#### Record extracts

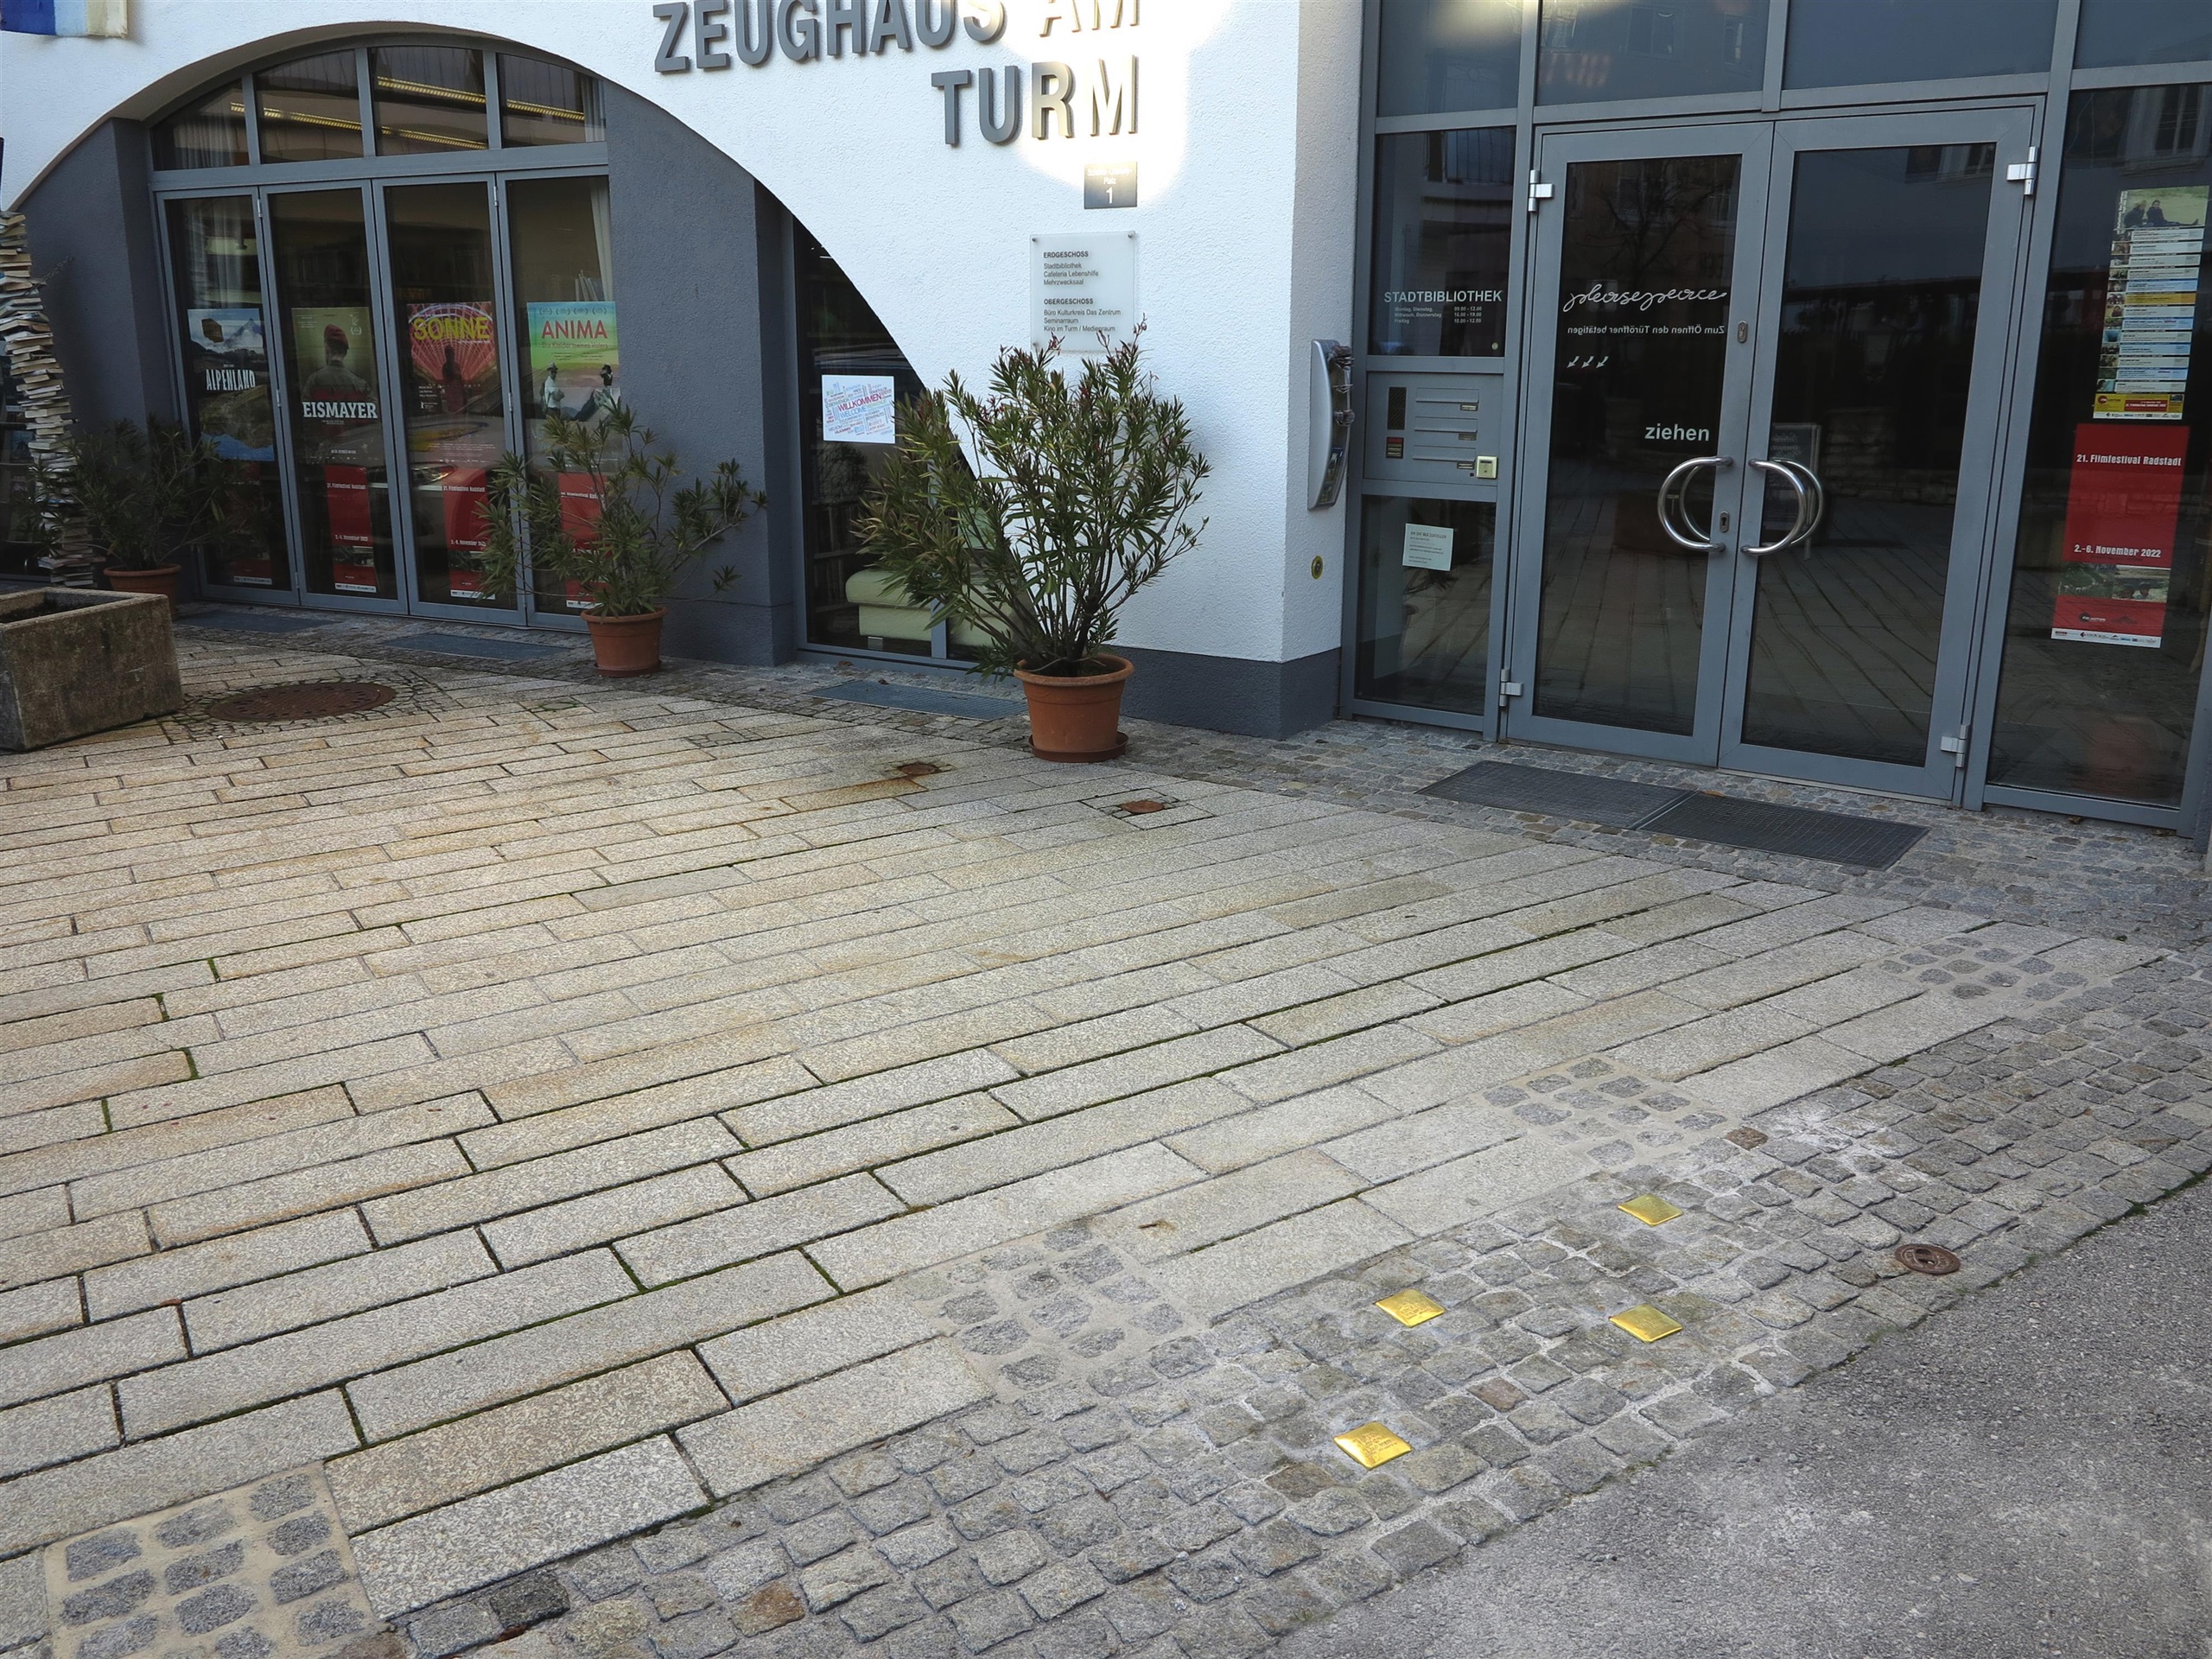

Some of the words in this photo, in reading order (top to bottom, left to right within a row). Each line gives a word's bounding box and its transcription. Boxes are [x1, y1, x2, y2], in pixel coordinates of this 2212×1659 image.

[653, 0, 1007, 74] ZEUGHAUS
[931, 55, 1139, 147] TURM
[1105, 187, 1114, 205] 1
[1383, 289, 1503, 303] STADTBIBLIOTHEK
[413, 316, 491, 340] SONNE
[542, 320, 607, 340] ANIMA
[206, 369, 256, 391] ALPENLAND
[302, 401, 378, 419] EISMAYER
[837, 393, 882, 411] WILLKOMMEN
[1644, 423, 1710, 441] ziehen
[2076, 454, 2088, 463] 21.
[2089, 454, 2141, 465] Filmfestival
[2143, 456, 2182, 467] Radstadt
[2095, 546, 2139, 556] November
[2140, 548, 2161, 557] 2022
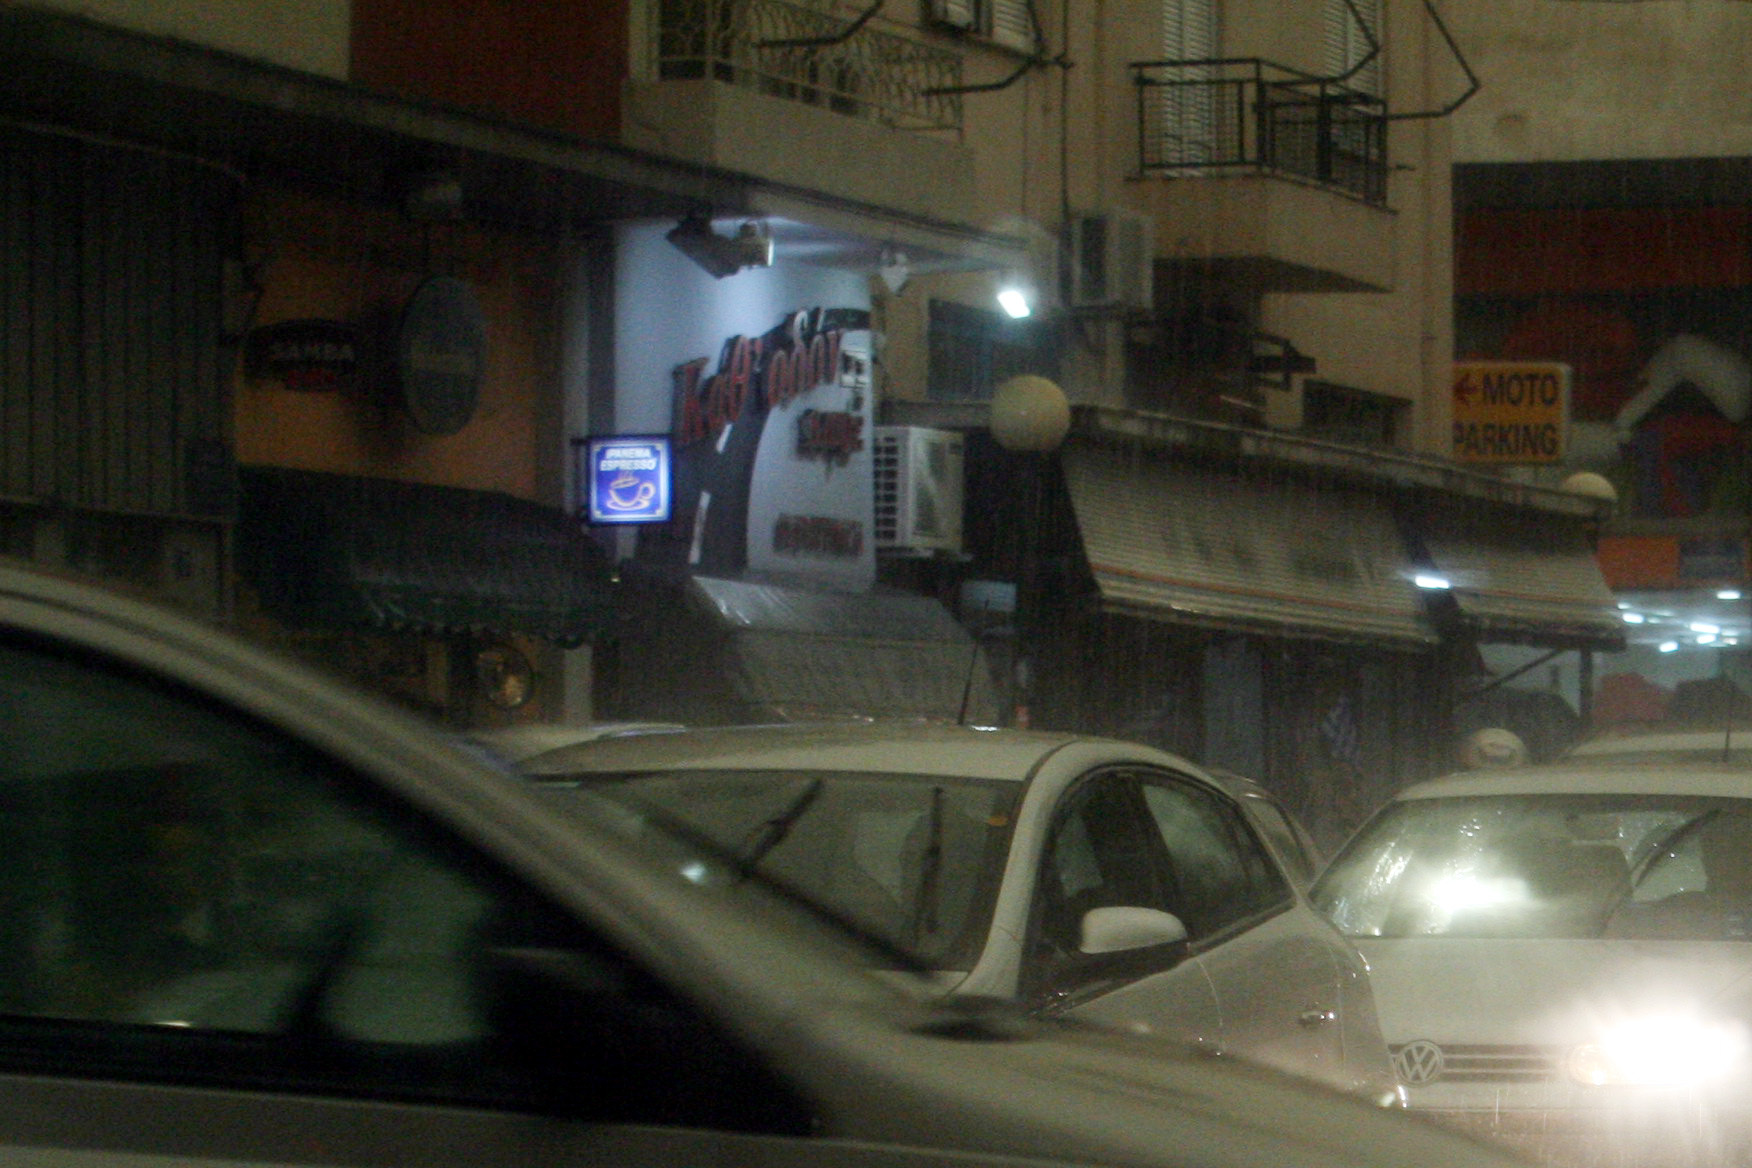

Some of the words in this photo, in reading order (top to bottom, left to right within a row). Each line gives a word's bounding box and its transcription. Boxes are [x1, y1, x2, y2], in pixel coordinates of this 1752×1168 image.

[1483, 373, 1559, 406] MOTO
[1453, 422, 1558, 456] PARKING
[600, 459, 657, 471] ESPRESSO

########

• _Exercise brief_
The answer should be the records above, unchanged, with the pictures omitted.

• _Result of the exercise_
Some of the words in this photo, in reading order (top to bottom, left to right within a row). Each line gives a word's bounding box and its transcription. Boxes are [x1, y1, x2, y2], in pixel coordinates of this 2212×1659 image.

[653, 0, 1007, 74] ZEUGHAUS
[931, 55, 1139, 147] TURM
[1105, 187, 1114, 205] 1
[1383, 289, 1503, 303] STADTBIBLIOTHEK
[413, 316, 491, 340] SONNE
[542, 320, 607, 340] ANIMA
[206, 369, 256, 391] ALPENLAND
[302, 401, 378, 419] EISMAYER
[837, 393, 882, 411] WILLKOMMEN
[1644, 423, 1710, 441] ziehen
[2076, 454, 2088, 463] 21.
[2089, 454, 2141, 465] Filmfestival
[2143, 456, 2182, 467] Radstadt
[2095, 546, 2139, 556] November
[2140, 548, 2161, 557] 2022

Some of the words in this photo, in reading order (top to bottom, left to right within a row). Each line gives a word's bounding box and its transcription. Boxes are [x1, y1, x2, y2], in pixel coordinates of this 1752×1168 image.

[1483, 373, 1559, 406] MOTO
[1453, 422, 1558, 456] PARKING
[600, 459, 657, 471] ESPRESSO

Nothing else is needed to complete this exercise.